Write the records out exactly as shown. No pictures.

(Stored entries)

☆ ☆ ☆ ☆

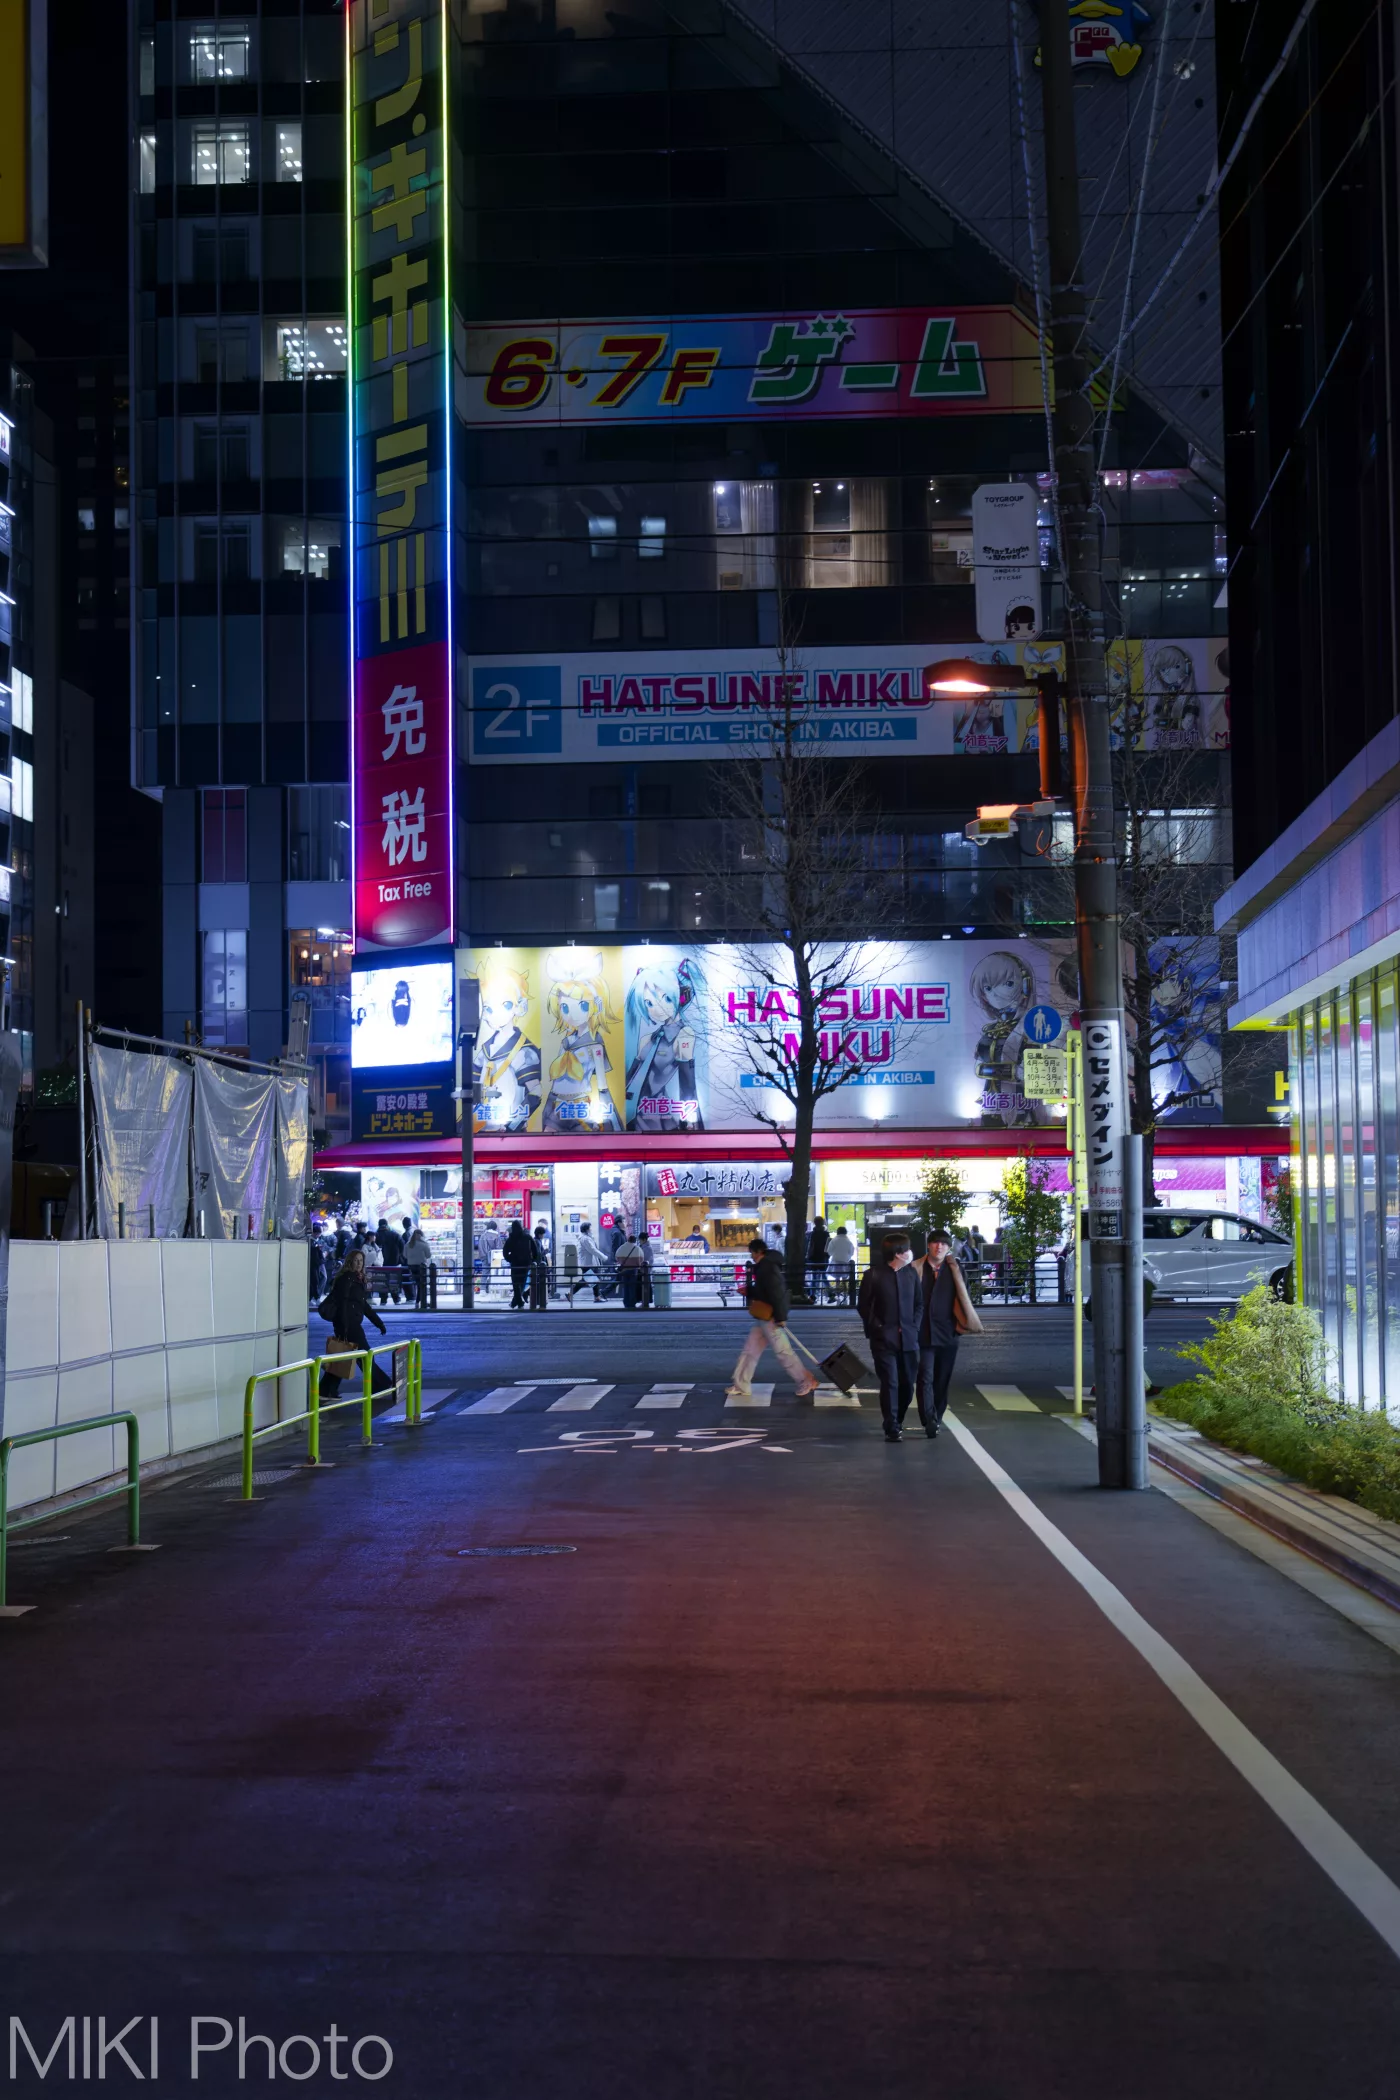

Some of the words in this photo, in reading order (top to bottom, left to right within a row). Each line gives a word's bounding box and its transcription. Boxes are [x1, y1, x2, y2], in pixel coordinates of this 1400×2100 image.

[748, 313, 988, 403] ゲーム
[984, 495, 1025, 503] TOYGROUP
[581, 673, 804, 714] HATSUNE
[818, 672, 931, 708] MIKU
[484, 683, 552, 739] 2F
[618, 723, 720, 743] OFFICIAL
[800, 722, 820, 739] IN
[830, 721, 896, 739] AKIBA
[381, 684, 428, 867] 免税
[378, 884, 401, 903] Tax
[404, 881, 432, 899] Free
[784, 1031, 890, 1064] MIKU
[864, 1073, 877, 1085] IN
[882, 1072, 923, 1084] AKIBA
[376, 1093, 429, 1112] 驚安の殿堂
[555, 1101, 614, 1121] 鏡音ン
[638, 1096, 699, 1121] 初音ミク
[1088, 1056, 1114, 1166] セメダイン
[600, 1162, 622, 1213] 牛串
[680, 1169, 775, 1193] 丸十精肉店
[1096, 1226, 1117, 1235] 3-13
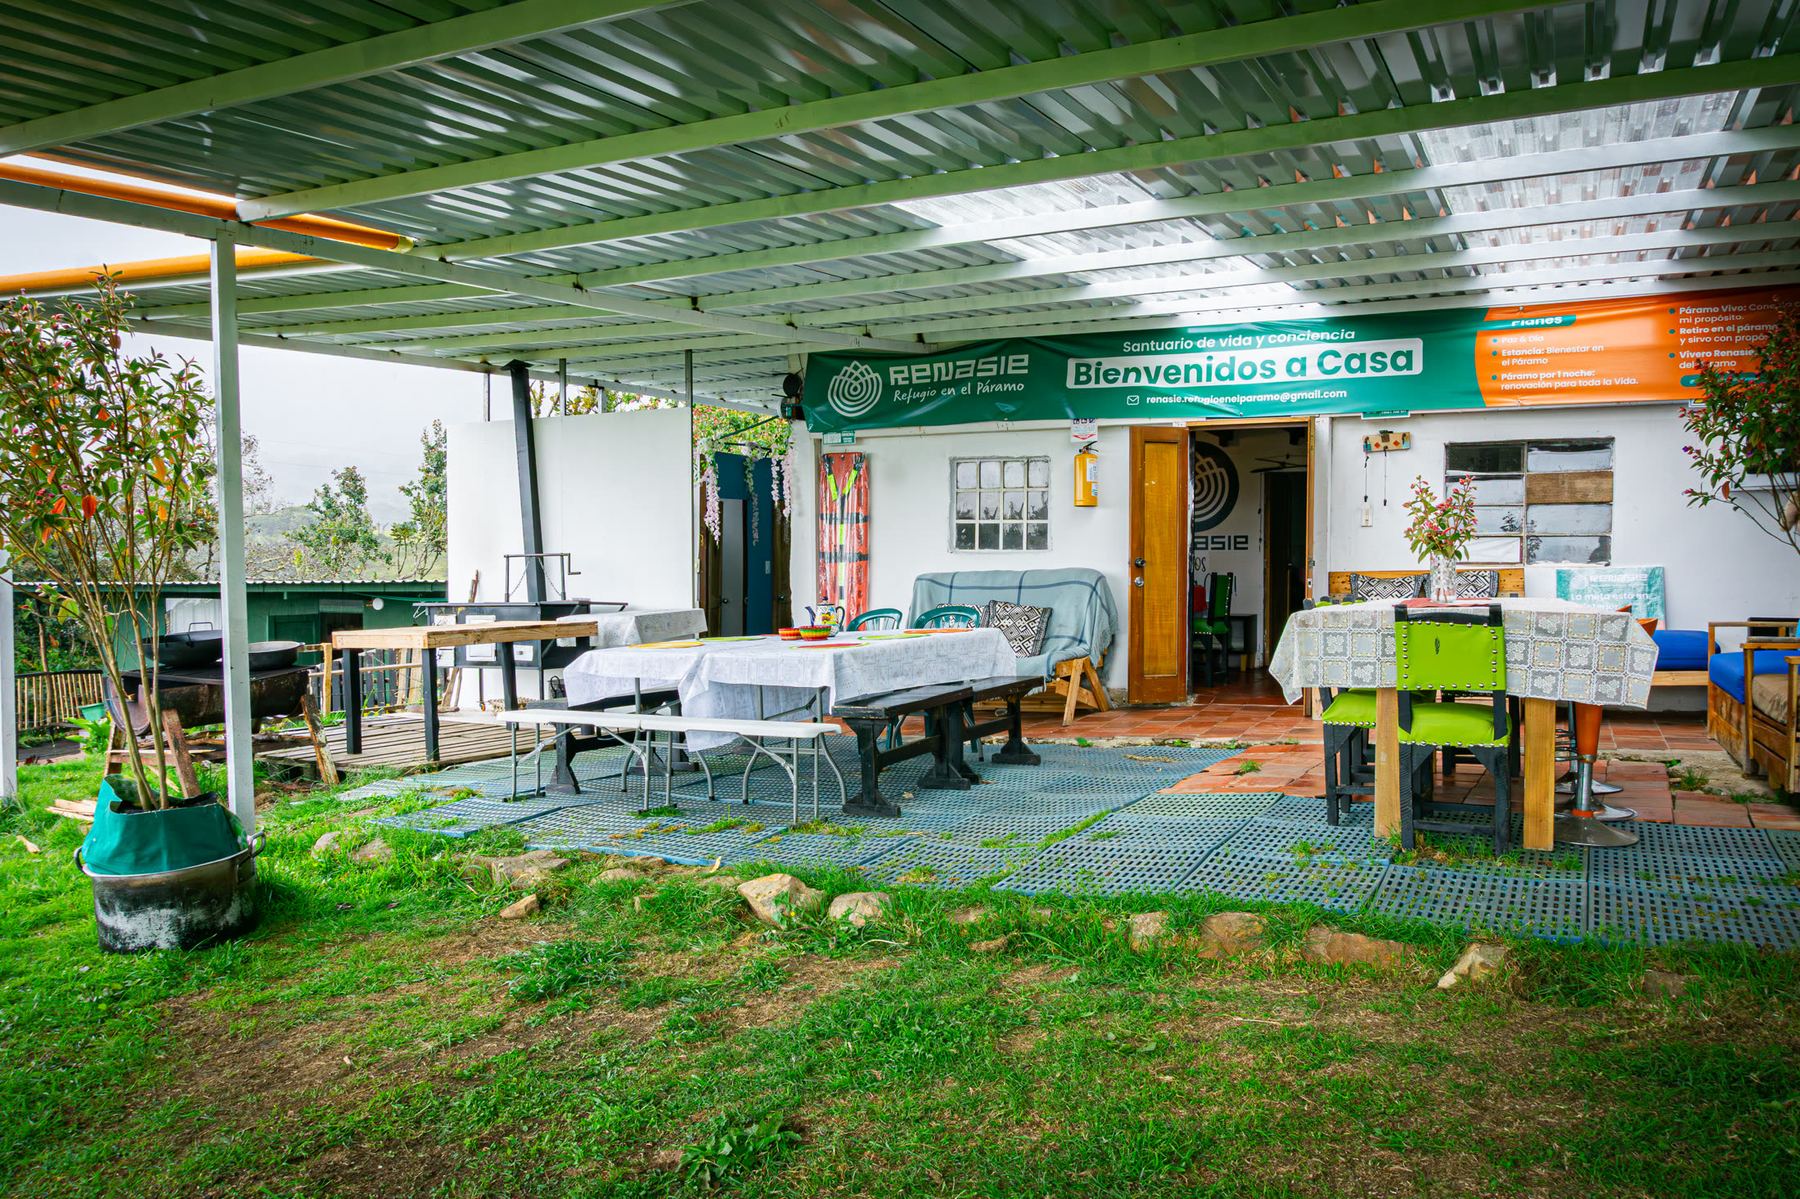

☆ ☆ ☆ ☆

▸ **ANSWER TO THE EXERCISE**
Some of the words in this photo, in reading order (top to bottom, left to right within a row). Each line gives a word's bounding box and its transcription. Boxes are [x1, y1, x2, y2], in pixel coordinates of this 1400×2100 image.

[748, 313, 988, 403] ゲーム
[984, 495, 1025, 503] TOYGROUP
[581, 673, 804, 714] HATSUNE
[818, 672, 931, 708] MIKU
[484, 683, 552, 739] 2F
[618, 723, 720, 743] OFFICIAL
[800, 722, 820, 739] IN
[830, 721, 896, 739] AKIBA
[381, 684, 428, 867] 免税
[378, 884, 401, 903] Tax
[404, 881, 432, 899] Free
[784, 1031, 890, 1064] MIKU
[864, 1073, 877, 1085] IN
[882, 1072, 923, 1084] AKIBA
[376, 1093, 429, 1112] 驚安の殿堂
[555, 1101, 614, 1121] 鏡音ン
[638, 1096, 699, 1121] 初音ミク
[1088, 1056, 1114, 1166] セメダイン
[600, 1162, 622, 1213] 牛串
[680, 1169, 775, 1193] 丸十精肉店
[1096, 1226, 1117, 1235] 3-13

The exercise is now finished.